Evergreen conifers rely on photoperiod and temperature cues to regulate autumn phenology. Climate change delays autumn cooling, whereas photoperiod remains unaffected, and this mismatch might have consequences for the timing of autumn phenology. Climatic stresses, such as drought and heat during summer, might also impact the timing of phenological events, including photosynthetic downregulation and growth cessation. We investigated the single and combined impacts of summer drought and autumn warming on photosynthetic downregulation and growth cessation in a northern and southern family of white spruce (Picea glauca). In a Temperature Free-Air Controlled Experiment (T-FACE) combined with rainout structures, we exposed white spruce seedlings to ambient temperature and rainfall, summer drought, autumn warming, or a combination of summer drought followed by autumn warming.
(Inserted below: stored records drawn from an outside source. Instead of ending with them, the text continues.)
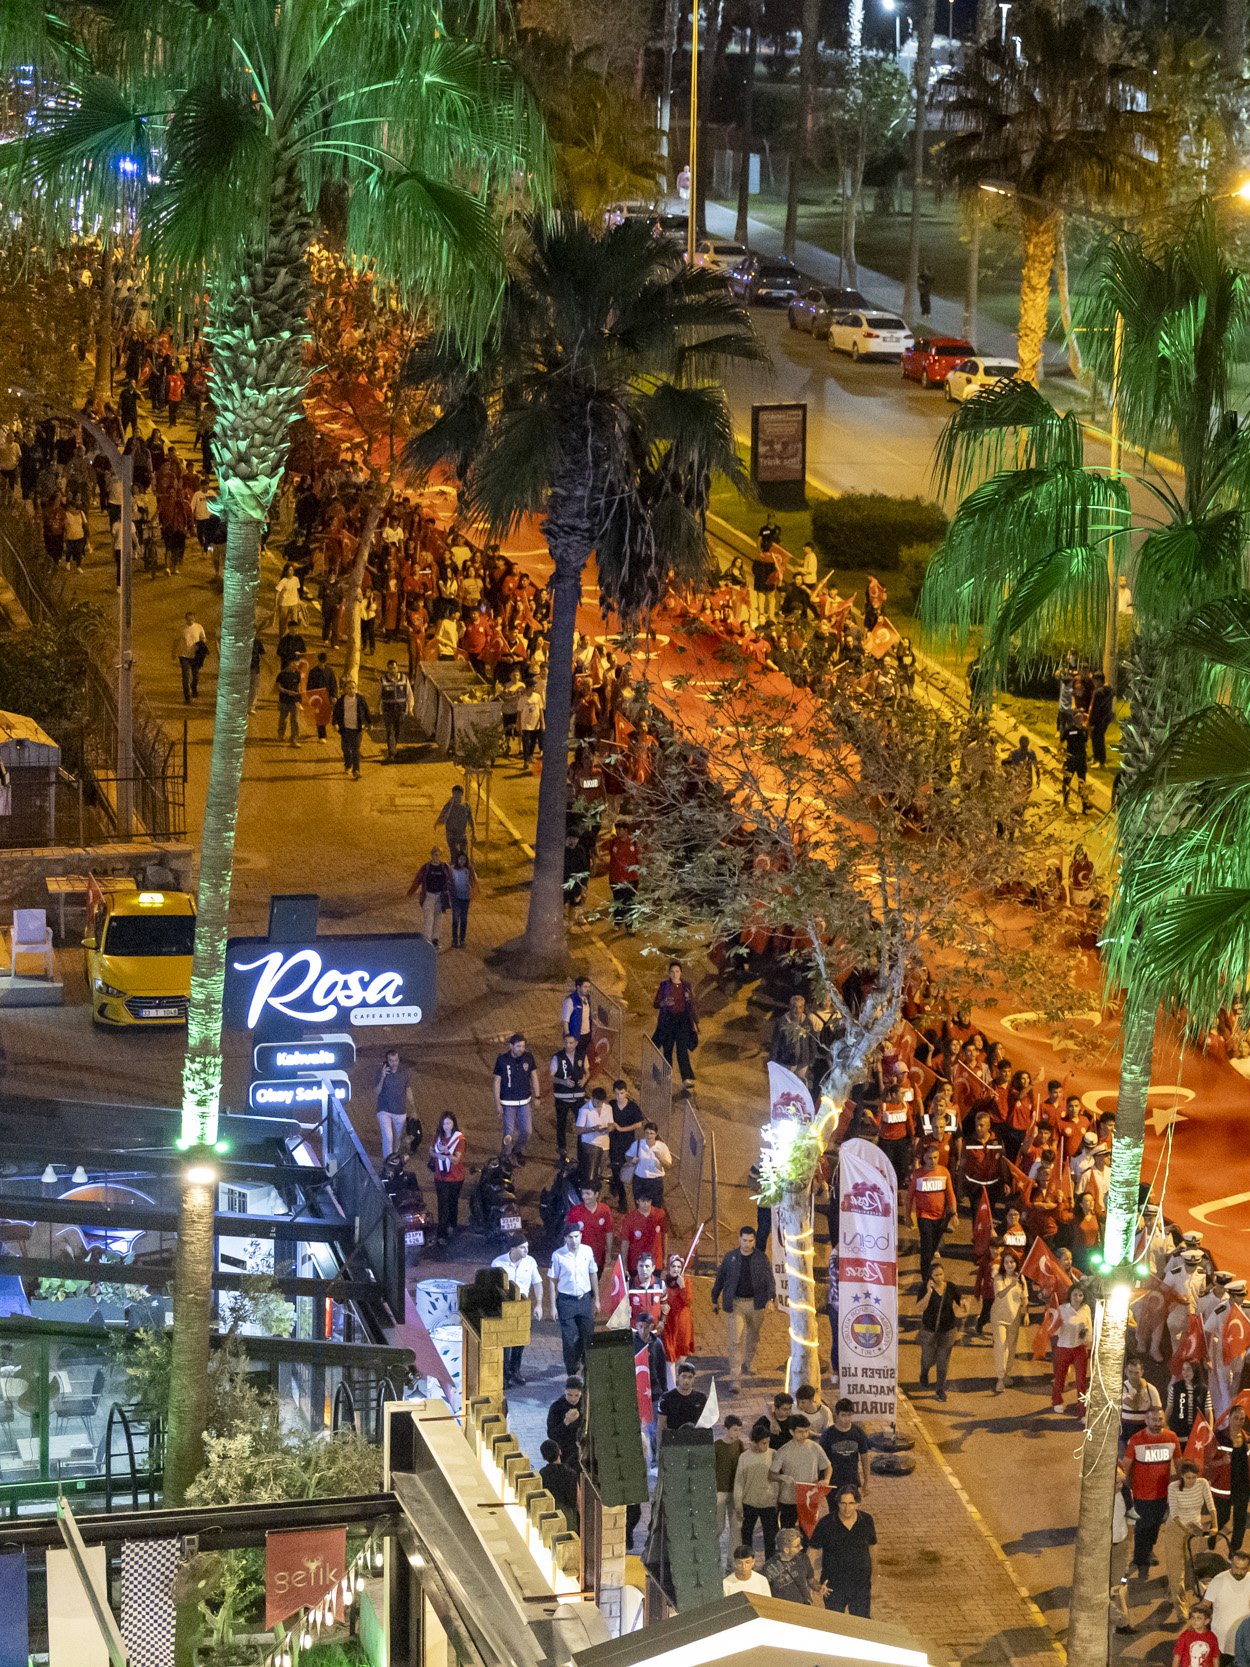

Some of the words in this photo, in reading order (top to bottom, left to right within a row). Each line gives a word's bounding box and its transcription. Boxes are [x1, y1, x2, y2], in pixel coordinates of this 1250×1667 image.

[233, 949, 404, 1029] Rosa
[888, 1111, 907, 1124] AKUB
[921, 1180, 943, 1192] AKUB
[1144, 1448, 1170, 1462] AKUB
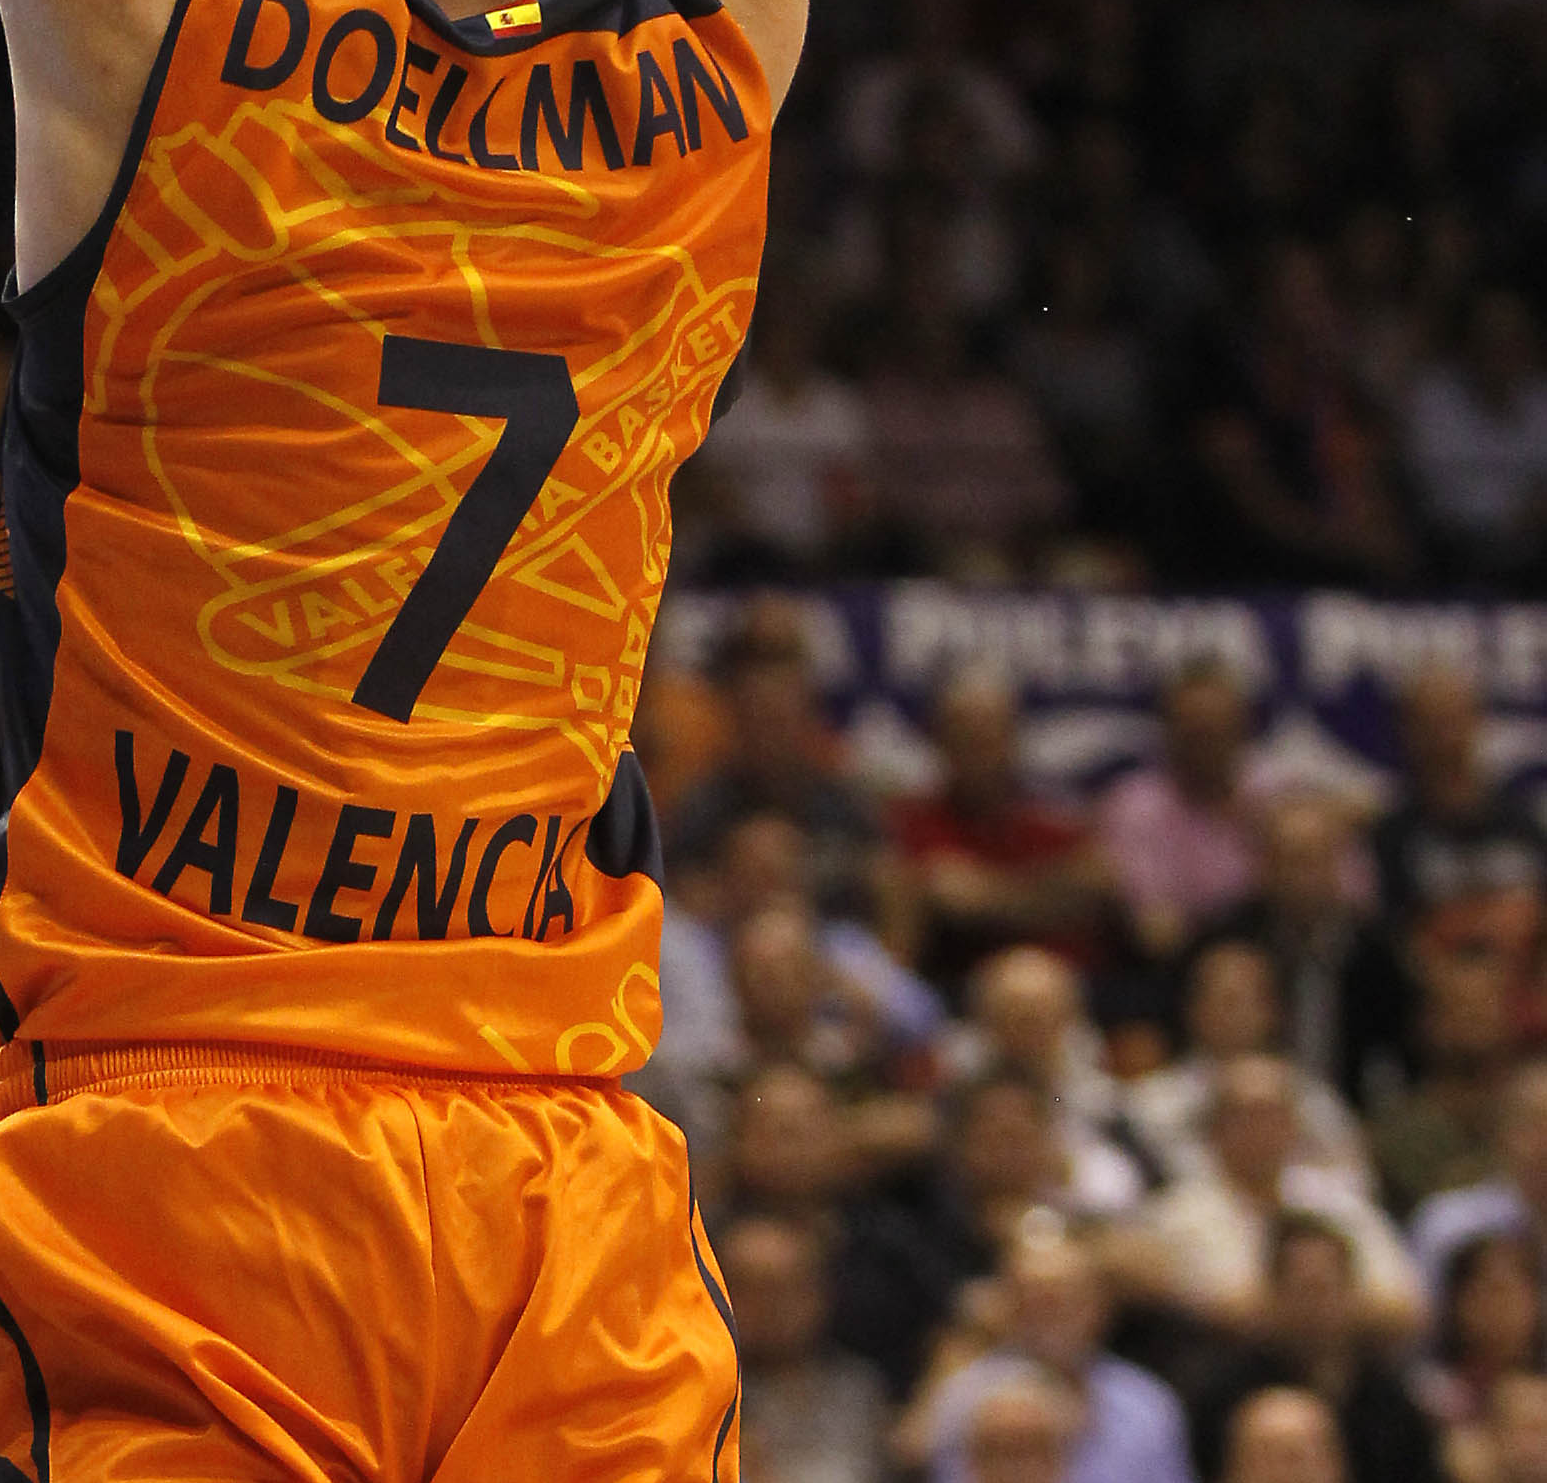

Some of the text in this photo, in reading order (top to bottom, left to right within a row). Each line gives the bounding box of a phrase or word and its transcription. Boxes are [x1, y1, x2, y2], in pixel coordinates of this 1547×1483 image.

[581, 300, 742, 476] BASKET
[351, 334, 582, 724] 7
[114, 729, 586, 944] VALENCIA
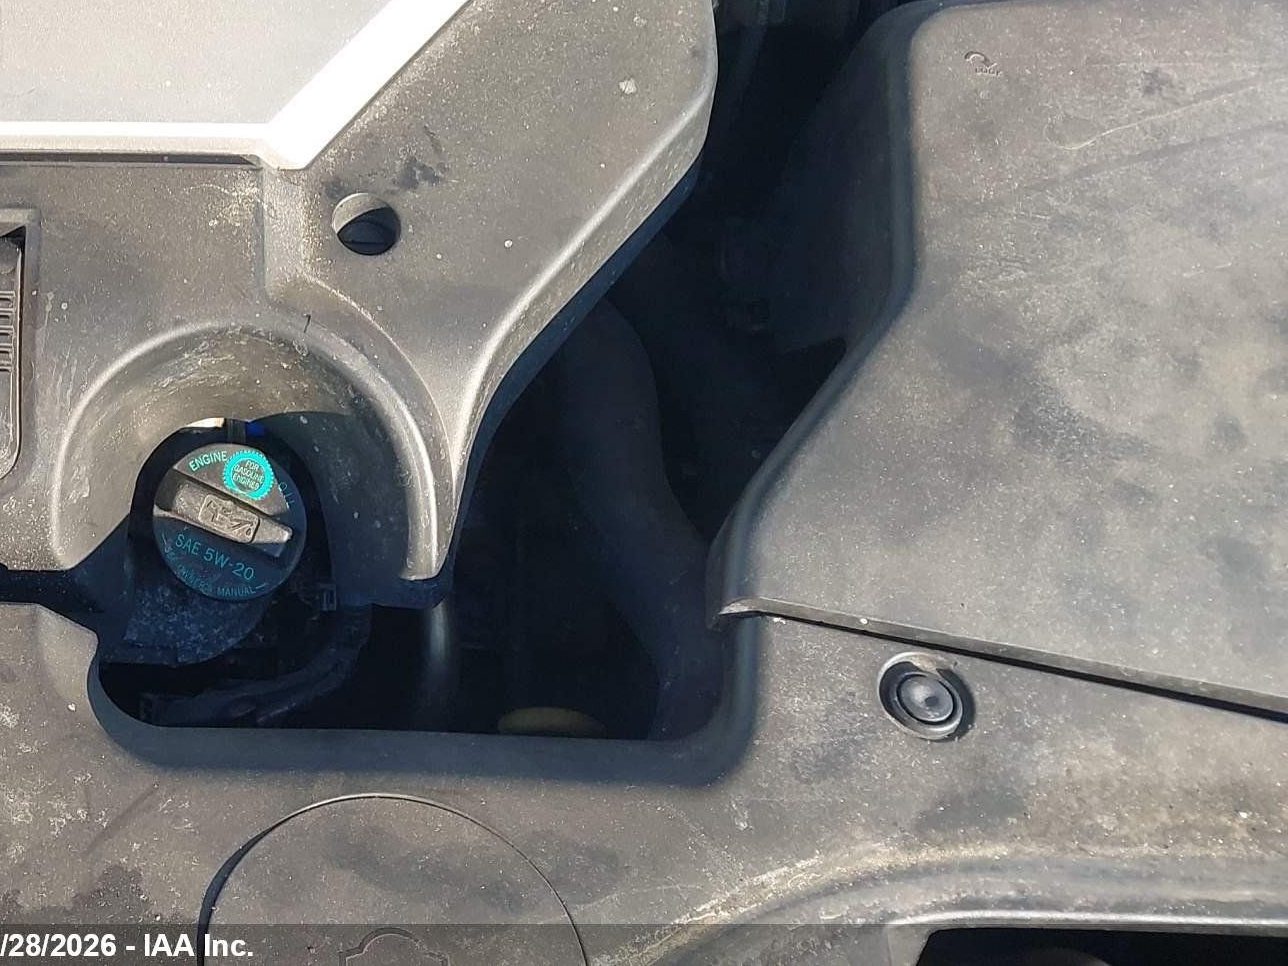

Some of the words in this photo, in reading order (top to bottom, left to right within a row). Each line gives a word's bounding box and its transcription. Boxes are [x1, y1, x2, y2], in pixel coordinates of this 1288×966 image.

Warming delayed the downregulation of photosynthesis in both families compared to the control seedlings, with the southern family showing increased photosynthetic activity compared to the northern family. Despite extended photosynthetic activity, secondary growth cessation was not delayed by warming and did not vary between families. Warming affected latewood xylem development, an important component of secondary growth, by increasing and decreasing lumen area in the northern family and southern family, respectively, indicating the northern family may have been more cold-limited under past selective pressures. Summer drought had minimal impacts on photosynthetic downregulation and growth cessation in either family. We conclude that warming-induced extension of photosynthetic activity in autumn may not translate into increased growth and carbon sequestration due to strong photoperiodic and genetic constraints on growth cessation in white spruce.